The PK J-Hook is a bipolar electrosurgical instrument with the capability to cut and coagulate soft tissue and blood vessels in laparoscopic and general surgery. The instrument will pass through a 5mm cannula or through an operating laparoscope working channel of 5mm or larger diameter. The device has an active "J" shaped tip and is activated via buttons on the handle, or by a foot pedal. The proposed device plugs into the Olympus ESG-400 generator (K141225). The generator and device make up a medical electrical system. The instrument is to be used only with the Gyrus ESG-400 Generator.

This document describes a 510(k) premarket notification for the "PK J-Hook," an electrosurgical cutting and coagulation device. The purpose of this notification is to demonstrate substantial equivalence to a legally marketed predicate device. This type of regulatory submission does not involve proving the device meets acceptance criteria in the same way an AI/ML medical device would be evaluated for its diagnostic or prognostic accuracy. Instead, it focuses on demonstrating that the new device is as safe and effective as a previously approved device.

Therefore, many of the requested categories for acceptance criteria and study details for an AI/ML device are not applicable to this 510(k) submission. Below, I will address the applicable points and explain why others cannot be answered from the provided text.

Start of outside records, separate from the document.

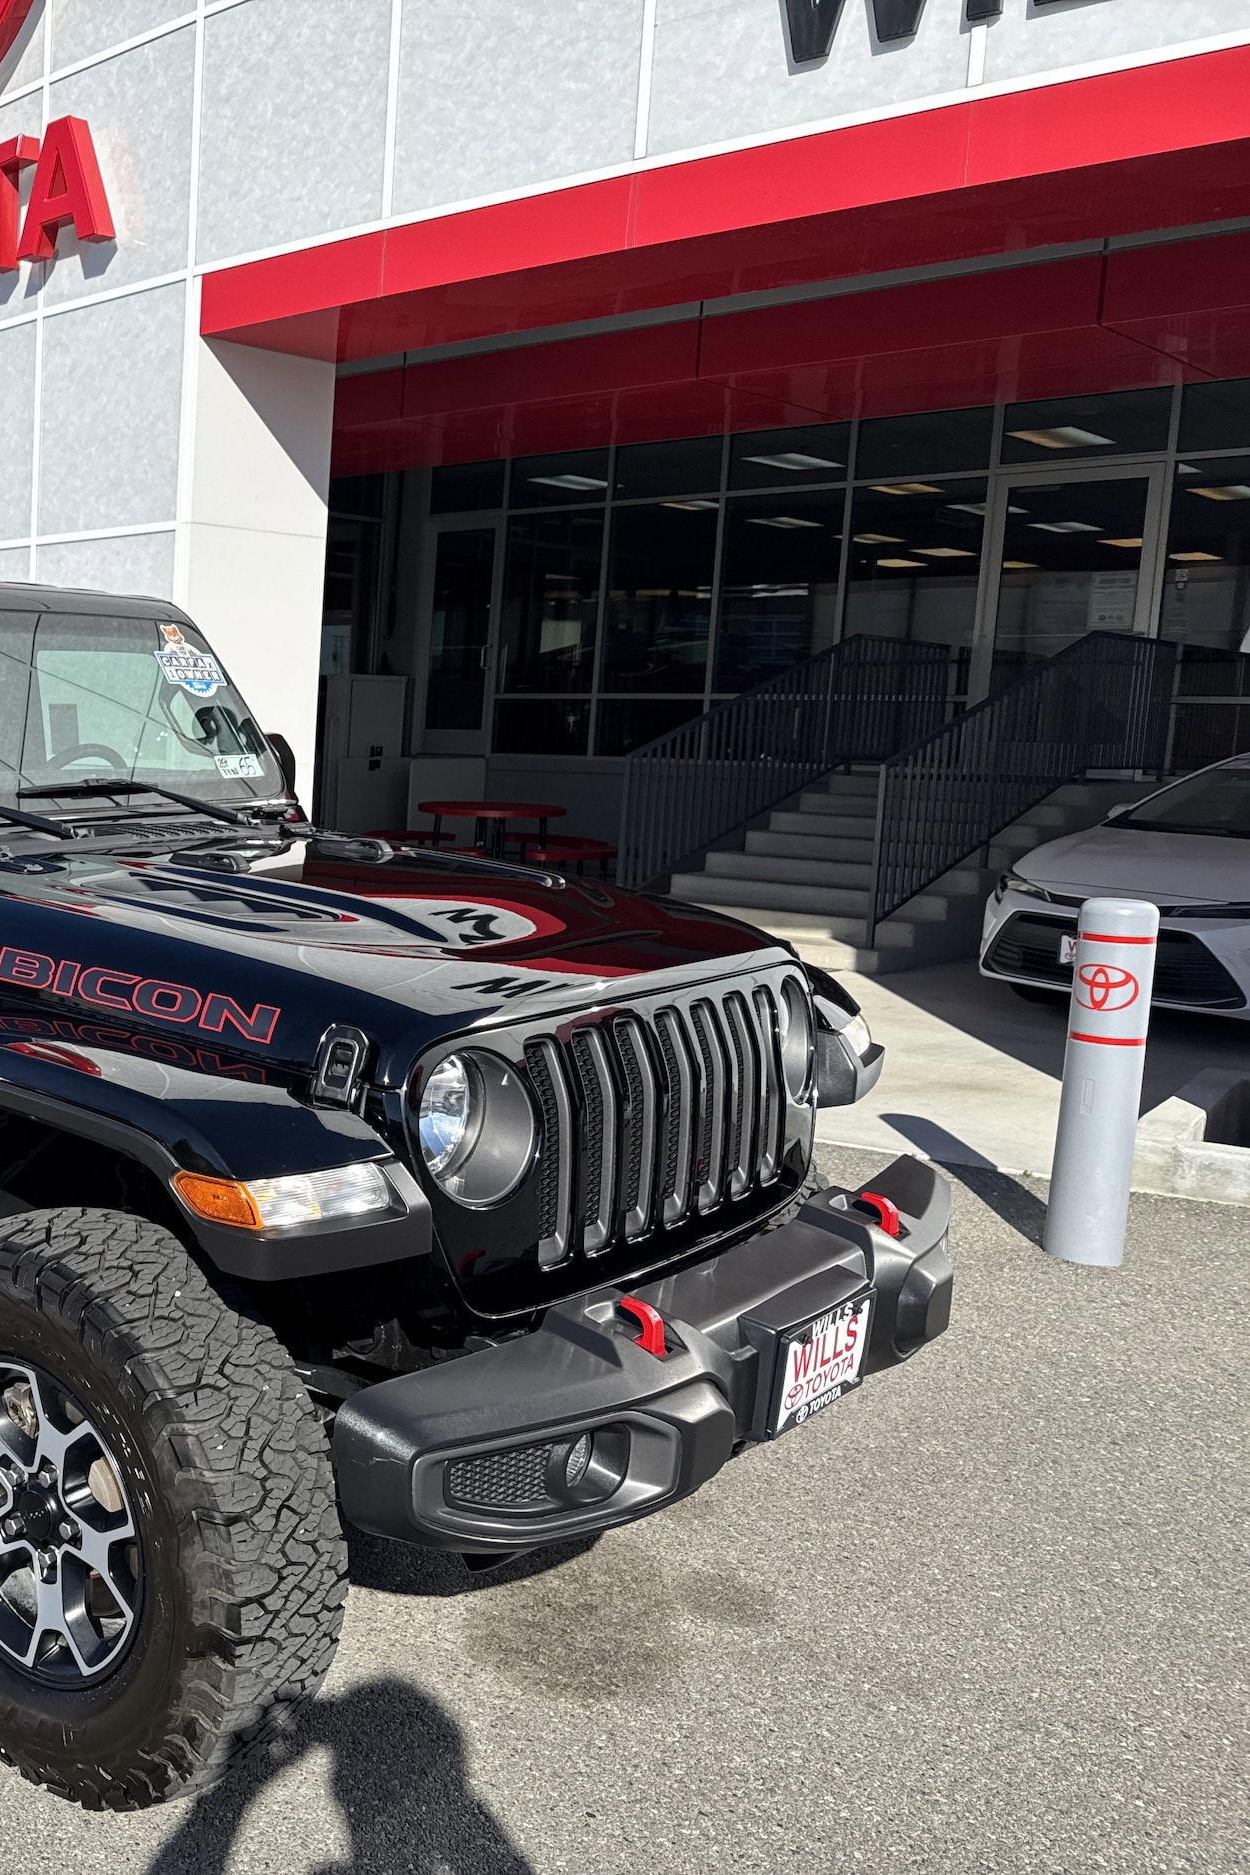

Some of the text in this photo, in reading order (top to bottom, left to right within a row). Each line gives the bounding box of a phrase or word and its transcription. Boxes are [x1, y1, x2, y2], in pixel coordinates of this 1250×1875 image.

[161, 656, 214, 669] CARFAX
[811, 1301, 854, 1338] WILLS
[793, 1314, 859, 1383] WILLS
[805, 1353, 855, 1399] TOYOTA
[809, 1385, 842, 1415] TOYOTA
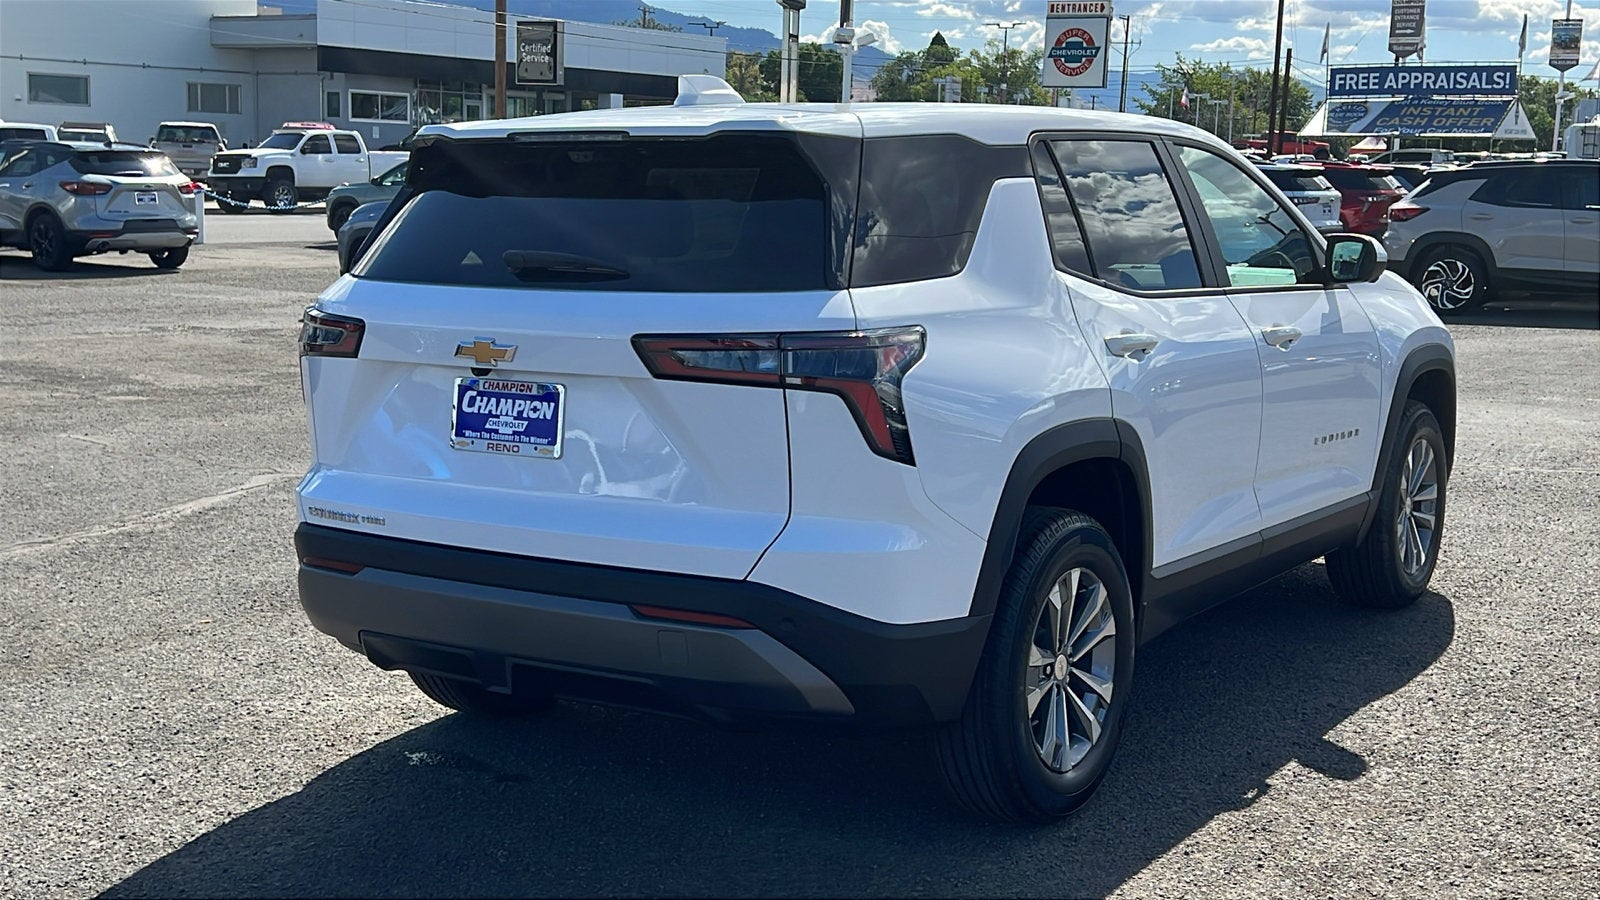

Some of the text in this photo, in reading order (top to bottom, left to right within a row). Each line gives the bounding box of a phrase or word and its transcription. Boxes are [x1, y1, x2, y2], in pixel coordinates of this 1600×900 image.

[1056, 3, 1099, 13] ENTRANCE
[1060, 29, 1090, 42] SUPER
[520, 43, 551, 53] Certified
[521, 52, 550, 63] Service
[1055, 60, 1091, 76] SERVICE
[1334, 71, 1511, 90] FREE APPRAISALS!
[1400, 107, 1484, 116] INSTANT
[1376, 117, 1495, 127] CASH OFFER
[1397, 126, 1424, 134] Your
[482, 380, 534, 394] CHAMPION
[462, 390, 556, 420] CHAMPION
[488, 419, 525, 430] CHEVROLET
[486, 442, 520, 454] RENO

1. A table of acceptance criteria and the reported device performance

For a 510(k) for an electrosurgical device, the "acceptance criteria" are typically related to meeting established performance standards for electrosurgical devices and demonstrating equivalence to a predicate device across various parameters. The reported performance is generally a confirmation that the device meets these standards and functions equivalently.

2. Sample size used for the test set and the data provenance

The document mentions "performance tests" and "bench testing." These are likely laboratory tests on physical samples of the device. The exact sample size for these tests is not specified in the provided text. The data provenance is internal testing by Gyrus ACMI, Inc. specific to the device being submitted. It is prospective testing of their device samples.

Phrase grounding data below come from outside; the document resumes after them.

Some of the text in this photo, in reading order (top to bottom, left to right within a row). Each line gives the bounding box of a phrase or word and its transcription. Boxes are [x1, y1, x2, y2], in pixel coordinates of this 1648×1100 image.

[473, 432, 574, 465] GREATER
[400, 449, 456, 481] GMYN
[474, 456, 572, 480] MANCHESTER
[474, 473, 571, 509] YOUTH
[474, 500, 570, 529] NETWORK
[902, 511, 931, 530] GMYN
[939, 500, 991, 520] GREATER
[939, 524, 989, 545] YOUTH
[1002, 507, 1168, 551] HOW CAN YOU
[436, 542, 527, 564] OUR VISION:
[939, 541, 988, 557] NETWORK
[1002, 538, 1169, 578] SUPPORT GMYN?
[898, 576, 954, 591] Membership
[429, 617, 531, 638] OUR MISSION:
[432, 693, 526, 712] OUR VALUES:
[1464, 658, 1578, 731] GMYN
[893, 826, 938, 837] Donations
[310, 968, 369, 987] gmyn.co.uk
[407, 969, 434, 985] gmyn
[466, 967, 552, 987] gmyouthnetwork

3. Number of experts used to establish the ground truth for the test set and the qualifications of those experts

This concept is not directly applicable to a 510(k) for an electrosurgical device. "Ground truth" in this context would be established by objective physical measurements and adherence to engineering and medical device standards rather than expert clinical consensus on interpretations or outcomes. The performance tests would be evaluated against pre-defined engineering specifications and relevant ISO/IEC standards.

4. Adjudication method for the test set

Not applicable in the context of this 510(k) submission for an electrosurgical device. Performance is assessed against objective engineering and safety standards, not by an adjudication process as would be used for subjective interpretations or diagnostic outcomes.

5. If a multi reader multi case (MRMC) comparative effectiveness study was done, If so, what was the effect size of how much human readers improve with AI vs without AI assistance

Not applicable. This is not an AI/ML device, and no MRMC study was conducted.

6. If a standalone (i.e. algorithm only without human-in-the-loop performance) was done

Not applicable. This is not an AI/ML device.

7. The type of ground truth used (expert consensus, pathology, outcomes data, etc.)

The "ground truth" for the performance tests would be defined by engineering specifications, established medical device standards (e.g., ISO, IEC), and objective physical measurements. For example, for "cutting and coagulation equivalency," the ground truth would be the measurable performance of the predicate device under controlled laboratory conditions. For "biocompatibility," the ground truth is defined by the passing criteria of the ISO 10993 series of standards.

8. The sample size for the training set

Not applicable. This is not an AI/ML device and does not have a "training set."

9. How the ground truth for the training set was established

Not applicable. This is not an AI/ML device.